Thread is one of the connectivity protocols that Matter, the much-hyped smart home interoperability standard, runs on. When Matter launched with massive backing from Apple, Google, Amazon, and Samsung, the pitch was simple: all your smart home devices would just work together. But there was a catch. Thread Border Routers - the devices that bridge Thread networks to your home Wi-Fi - weren't playing nice with each other. Instead of coordinating, they were each creating their own separate Thread networks, causing devices to hop between networks and creating the exact fragmentation Matter was supposed to eliminate.
According to The Verge's previous reporting, this has been Matter's biggest operational headache since launch. The Thread Group acknowledged the problem and promised Thread 1.4 would fix it through credential sharing capabilities announced in early 2024.
Now we're seeing that promise materialize. Apple TV 4K models and the Google TV Streamer both function as Thread Border Routers, making them critical infrastructure for anyone building out a Matter-based smart home. With Thread 1.4, when you add one of these devices to your network, it should be able to detect and join your existing Thread network rather than starting fresh.
The implementation appears slightly different between the two companies. On Google TV Streamer, users now have access to a manual option to share Thread credentials, giving more direct control over network management. Apple's approach through tvOS 27 is still in developer beta, so the final user experience remains to be seen when it ships to the public.
This matters because Thread Border Routers have proliferated quickly. Beyond Apple TV and Google TV Streamer, devices like HomePod mini, Amazon Echo speakers, Samsung SmartThings hubs, and various other smart home controllers all serve this function. Before Thread 1.4, each one was potentially creating network conflicts.
The timing is notable too. Apple's tvOS 27 developer beta suggests a public release is still months away, likely arriving alongside iOS 27 in the fall. Google's faster deployment to the TV Streamer shows the company is prioritizing its smart home ambitions - the device launched in late 2024 specifically as a smart home hub, not just a streaming box.
For consumers who've invested in Matter-compatible devices, this update won't deliver flashy new features. But it should deliver something more valuable: reliability. Fewer phantom disconnections, more consistent device responses, and one less layer of networking complexity to troubleshoot when something goes wrong.

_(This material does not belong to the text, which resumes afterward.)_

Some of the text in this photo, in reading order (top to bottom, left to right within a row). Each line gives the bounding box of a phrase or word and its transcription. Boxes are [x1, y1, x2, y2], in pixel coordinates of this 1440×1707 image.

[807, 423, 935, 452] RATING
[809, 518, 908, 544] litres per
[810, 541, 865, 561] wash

The smart home industry has overpromised and underdelivered for years. Thread 1.4 support is one of those rare updates that actually addresses a fundamental architecture problem rather than slapping on another feature. Whether it fully solves Thread Border Router conflicts in practice remains to be seen, but it's the most concrete progress on Matter interoperability we've seen since the standard launched.

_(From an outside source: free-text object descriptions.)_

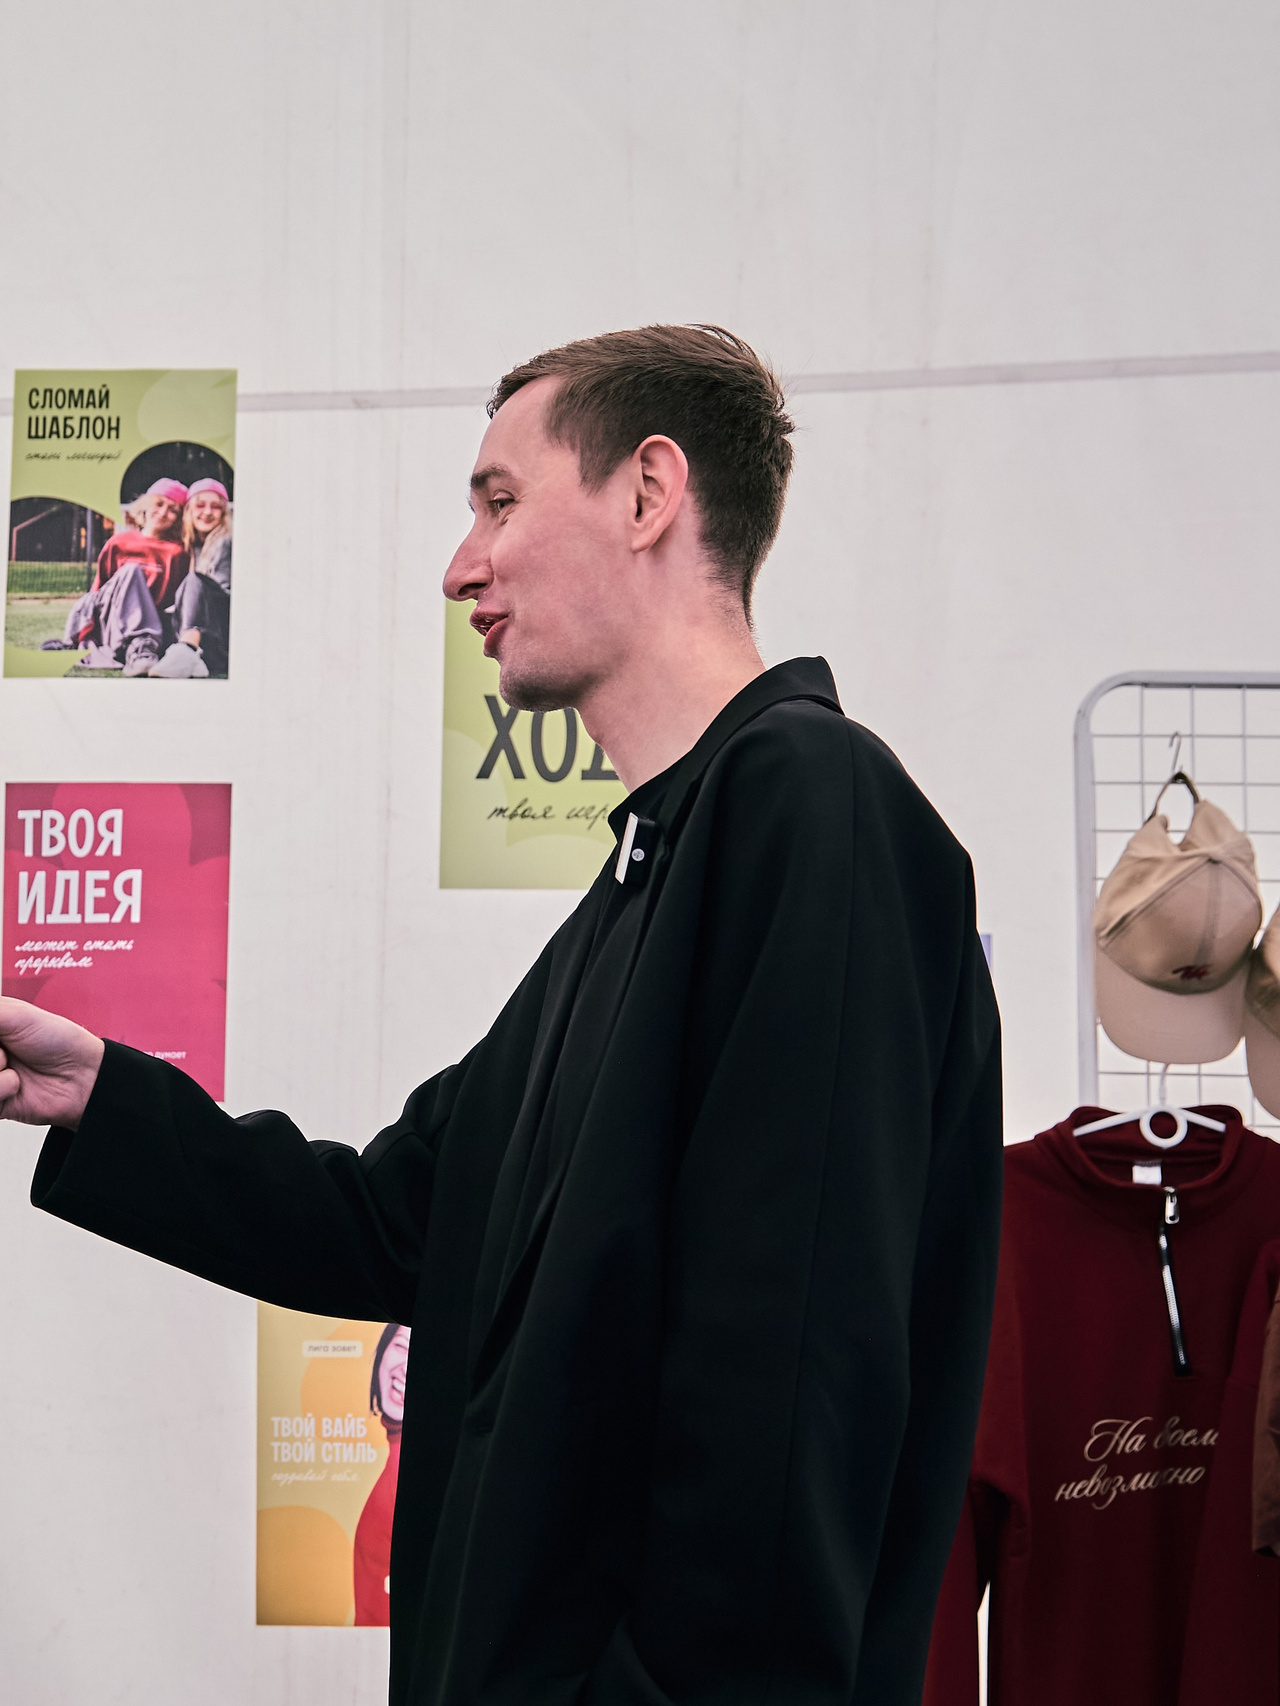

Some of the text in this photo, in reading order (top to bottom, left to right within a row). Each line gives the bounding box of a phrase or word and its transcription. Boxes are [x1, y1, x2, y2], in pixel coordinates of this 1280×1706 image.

[28, 384, 110, 409] СЛОМАЙ
[27, 415, 120, 440] ШАБЛОН
[487, 797, 609, 830] твоя игр
[17, 808, 123, 858] ТВОЯ
[17, 869, 142, 925] ИДЕЯ
[15, 940, 134, 952] может стать
[271, 1413, 367, 1438] ТВОЙ ВАЙБ
[271, 1438, 377, 1463] ТВОЙ СТИЛЬ
[1084, 1416, 1153, 1462] На
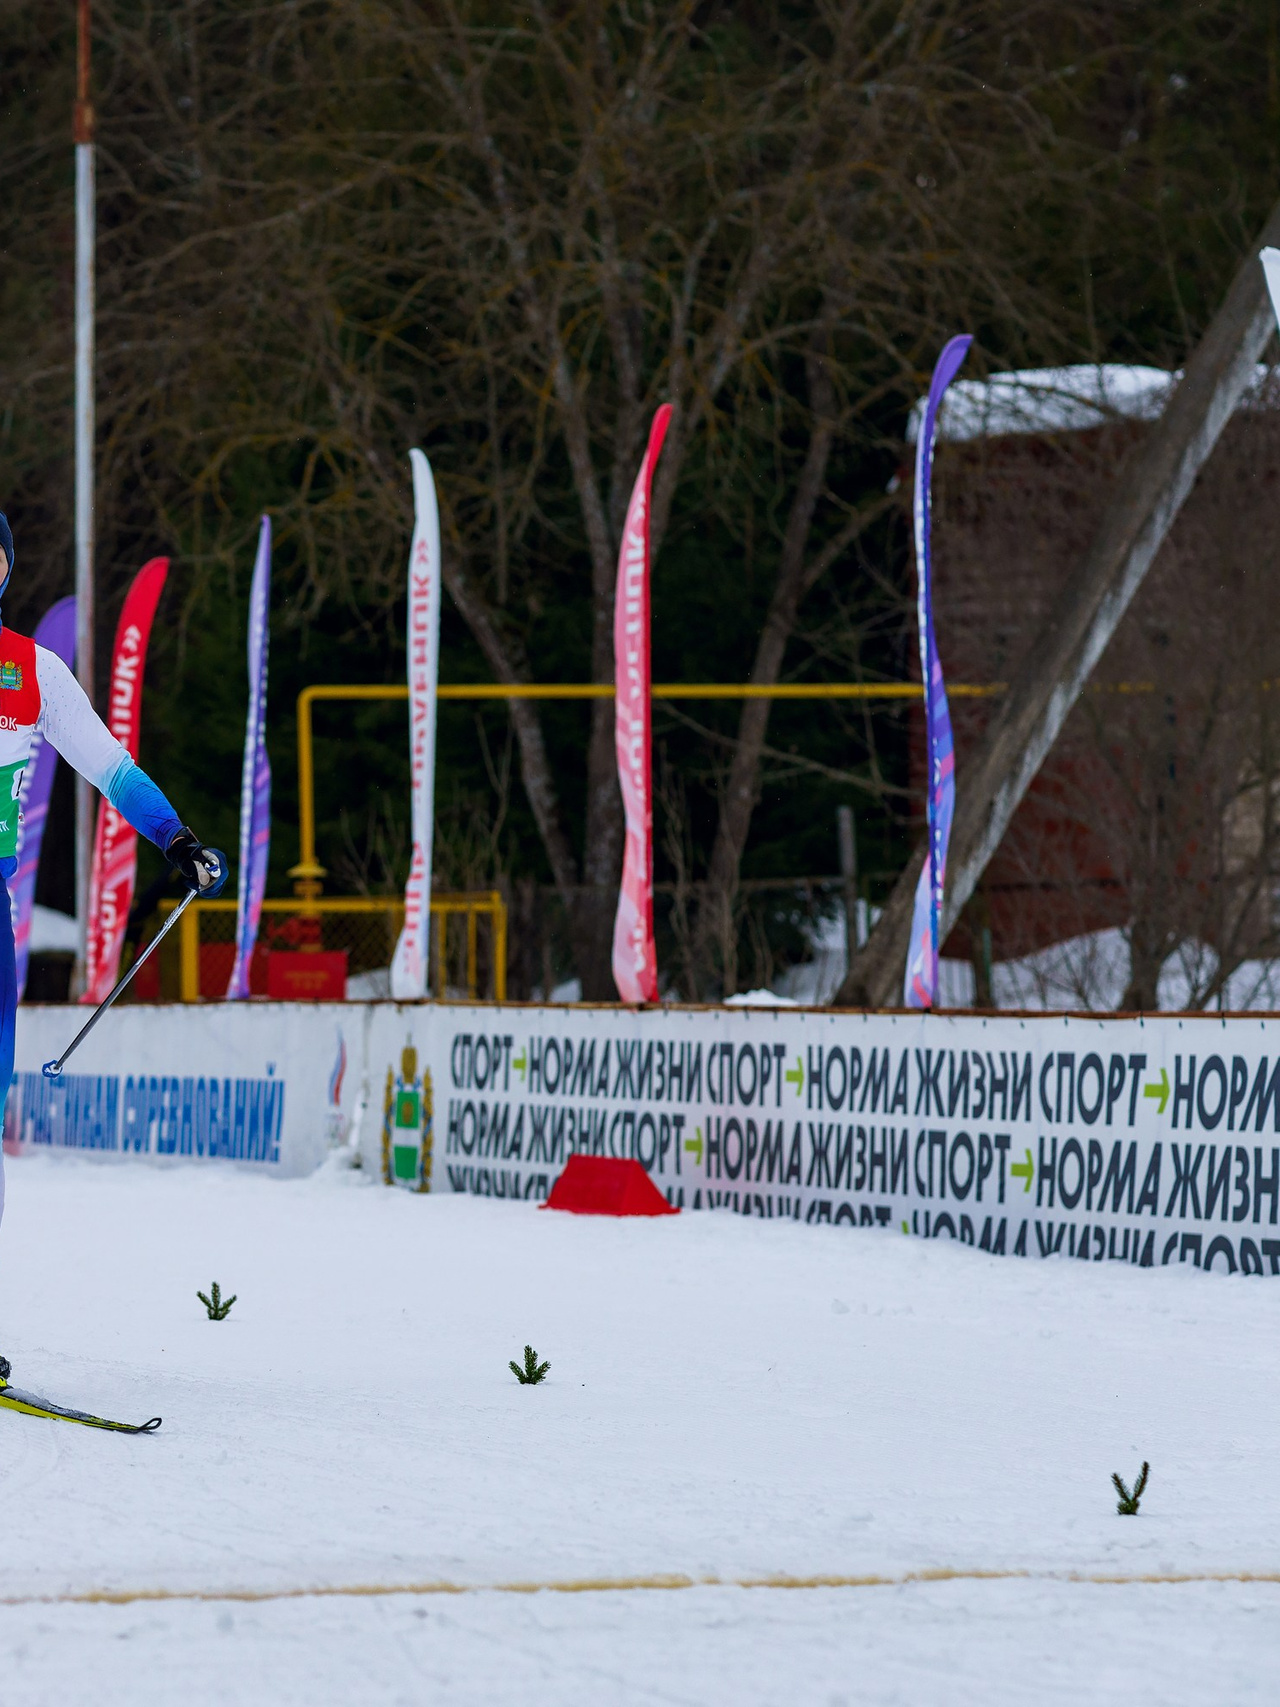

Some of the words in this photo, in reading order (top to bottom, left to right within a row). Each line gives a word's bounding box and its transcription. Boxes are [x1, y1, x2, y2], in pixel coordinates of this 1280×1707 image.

Thread 1.4 support on Apple TV and Google TV Streamer represents tangible progress on one of Matter's most stubborn problems. The smart home ecosystem has been fragmented for so long that it's easy to be cynical about each new fix, but credential sharing addresses a real architectural flaw that's been causing network chaos since Matter launched. As these updates roll out and other manufacturers follow suit, the promise of truly interoperable smart homes gets a bit more realistic. The test will be whether it actually works when consumers have five different Thread Border Routers competing for attention in their homes.